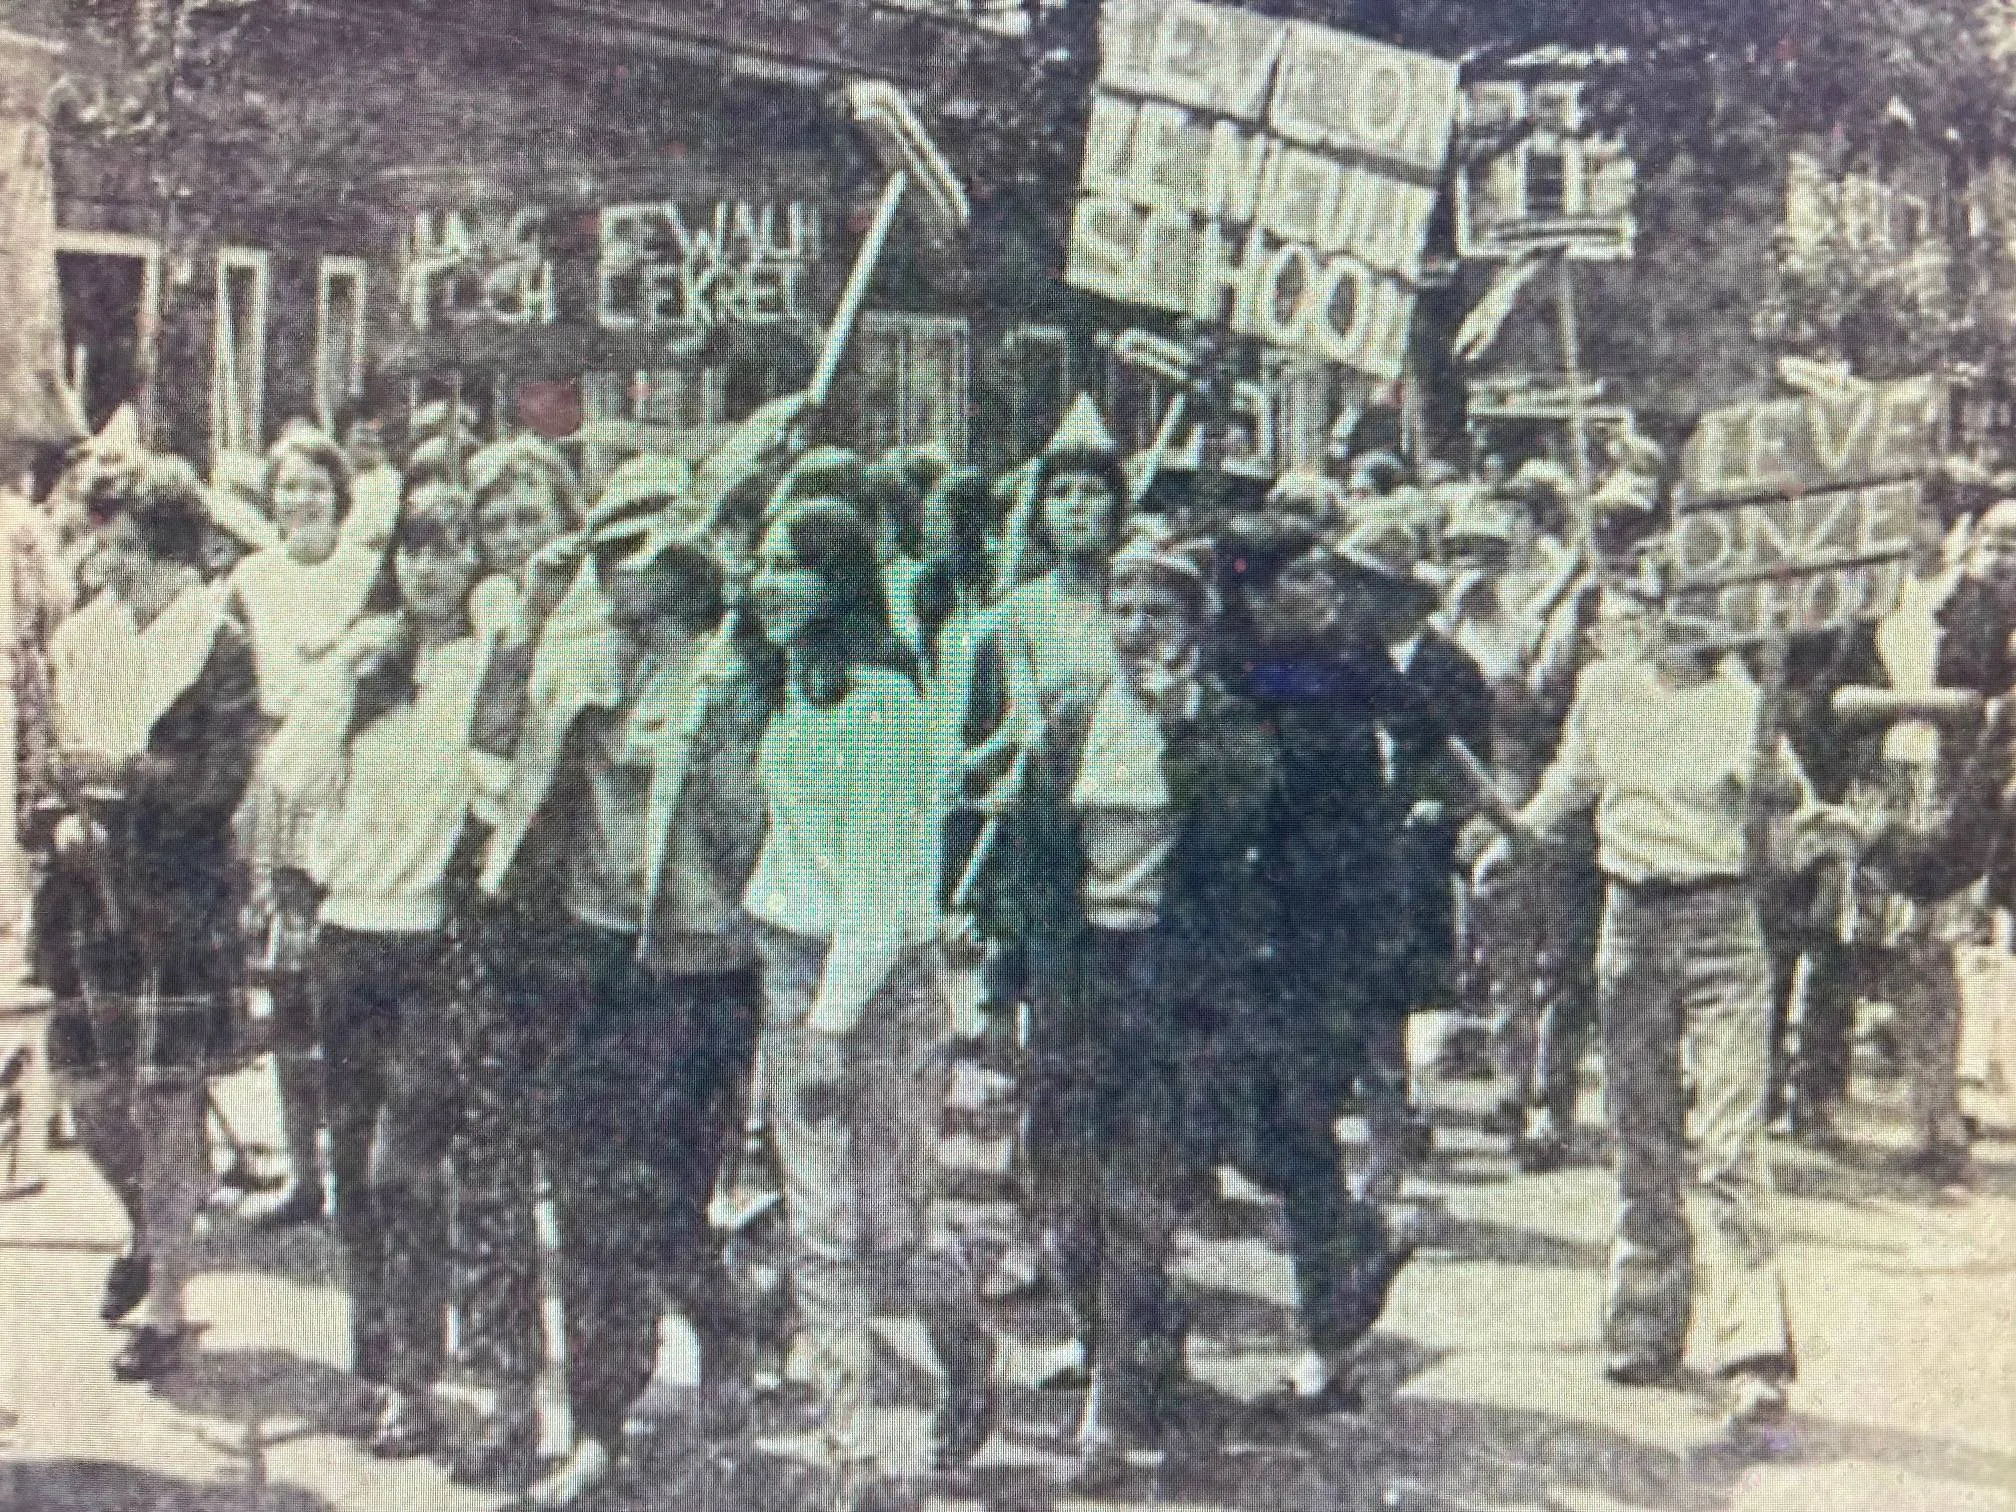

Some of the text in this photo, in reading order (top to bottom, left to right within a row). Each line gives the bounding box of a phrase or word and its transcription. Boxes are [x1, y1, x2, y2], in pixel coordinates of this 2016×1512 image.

[1068, 197, 1404, 377] SCHOOL
[1698, 382, 1928, 491] LEVE
[1672, 484, 1912, 574] ONZE
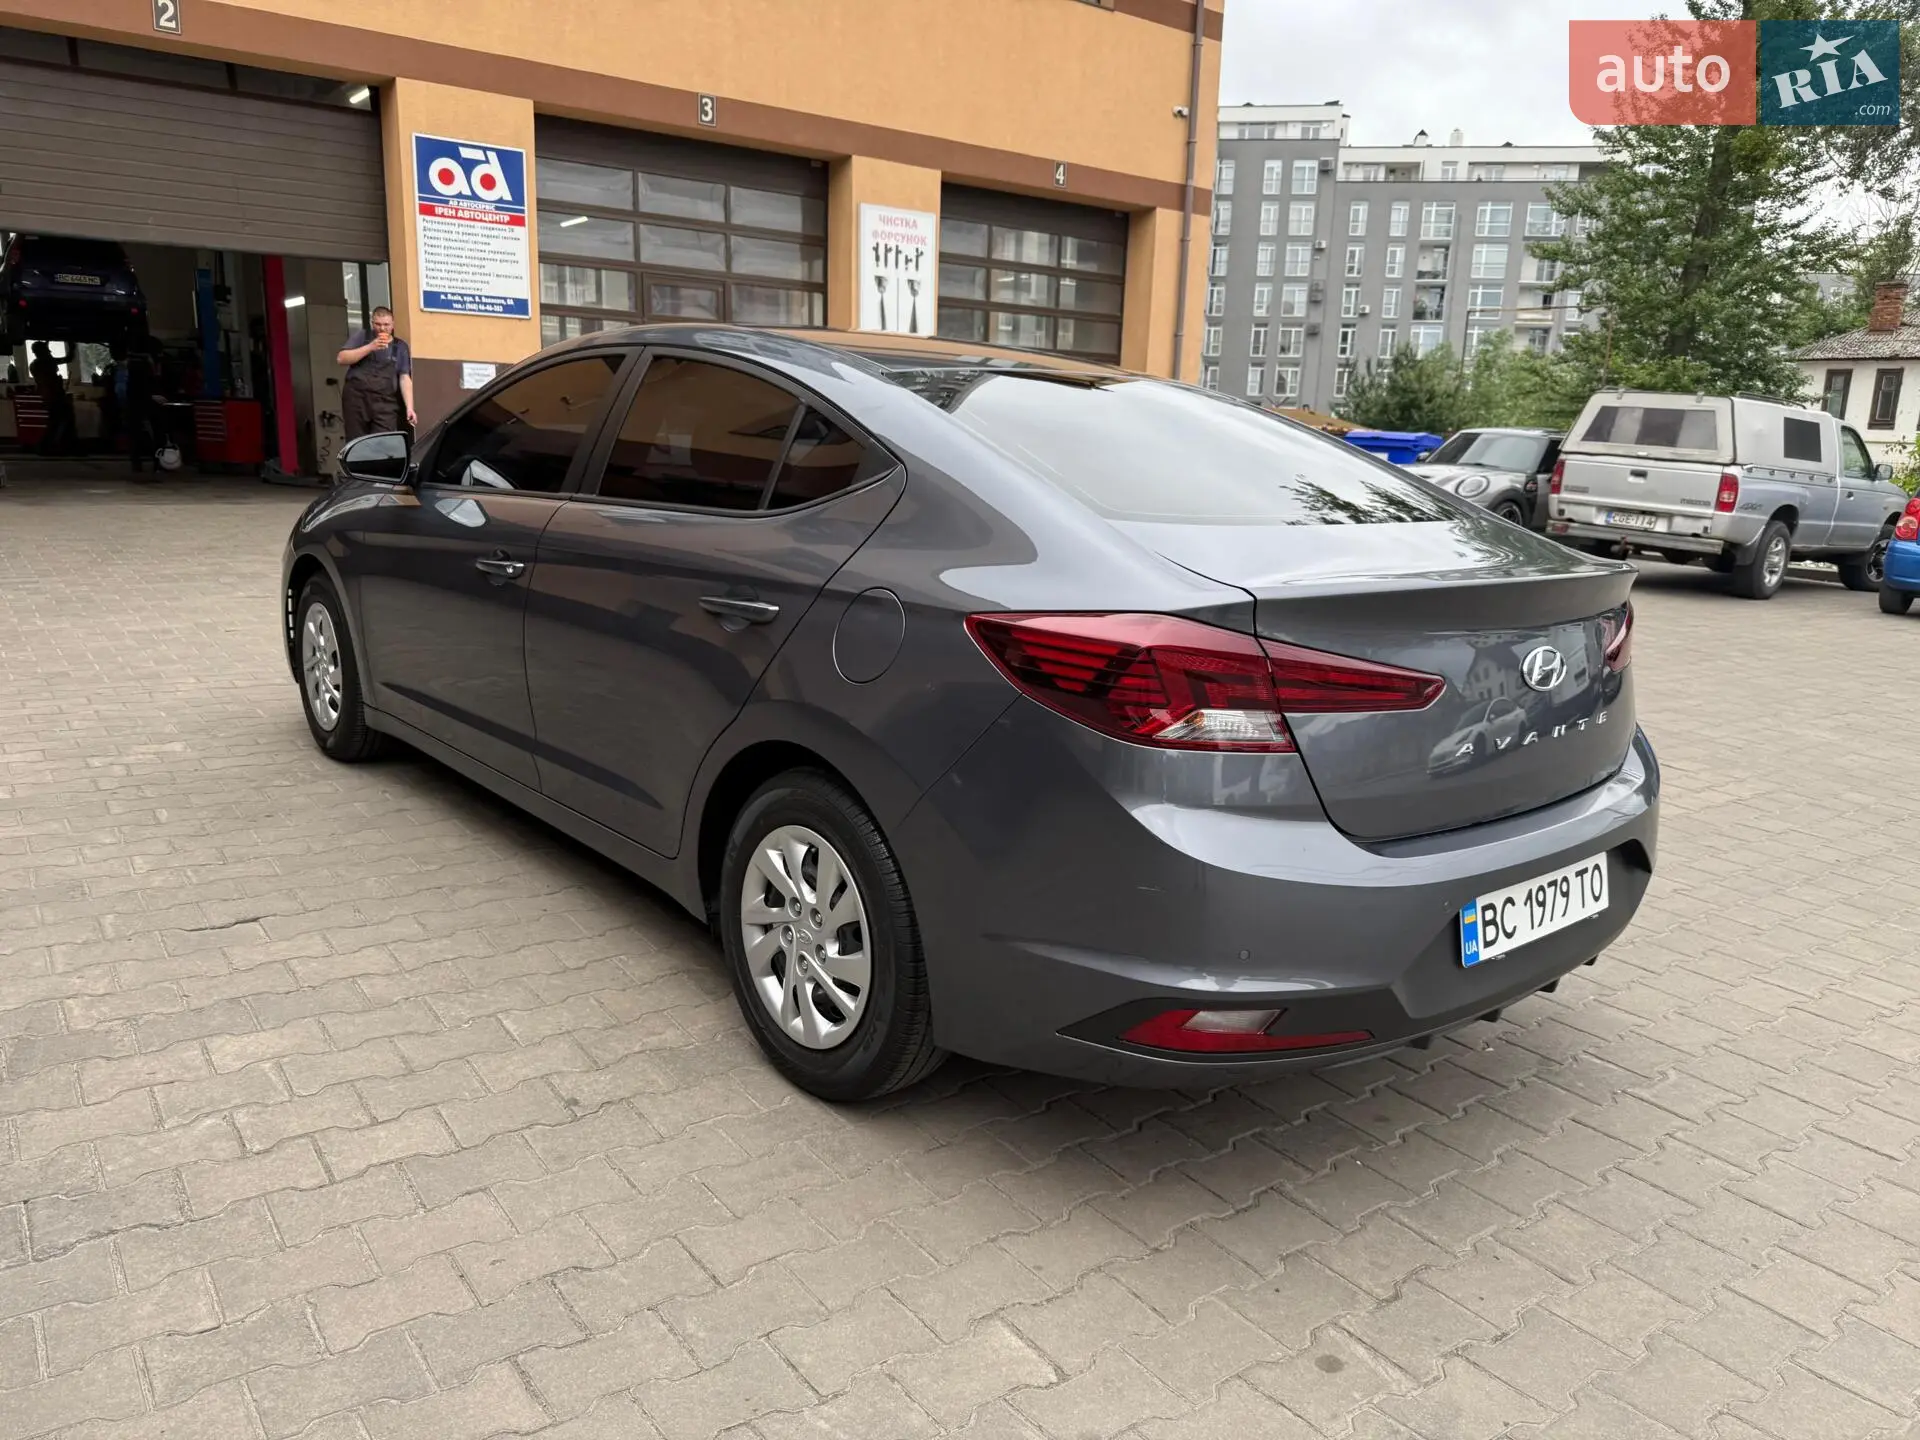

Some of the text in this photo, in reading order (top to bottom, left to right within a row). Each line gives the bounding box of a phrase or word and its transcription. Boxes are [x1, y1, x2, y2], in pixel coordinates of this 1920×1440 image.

[158, 0, 176, 28] 2
[702, 97, 713, 121] 3
[1055, 164, 1065, 185] 4
[435, 207, 510, 224] ІРЕН АВТОЦЕНТР
[879, 214, 918, 229] ЧИСТКА
[872, 230, 927, 246] ФОРСУНОК
[1455, 711, 1608, 757] AVANTE
[1481, 864, 1603, 949] BC 1979 TO
[1465, 939, 1478, 955] UA

**Work instruction**
Print the lines from the one containing "this 1920×1440 image." through the end of the material, word for word, and nothing else.

**Exercise answer**
Some of the text in this photo, in reading order (top to bottom, left to right within a row). Each line gives the bounding box of a phrase or word and its transcription. Boxes are [x1, y1, x2, y2], in pixel coordinates of this 1920×1440 image.

[158, 0, 176, 28] 2
[702, 97, 713, 121] 3
[1055, 164, 1065, 185] 4
[435, 207, 510, 224] ІРЕН АВТОЦЕНТР
[879, 214, 918, 229] ЧИСТКА
[872, 230, 927, 246] ФОРСУНОК
[1455, 711, 1608, 757] AVANTE
[1481, 864, 1603, 949] BC 1979 TO
[1465, 939, 1478, 955] UA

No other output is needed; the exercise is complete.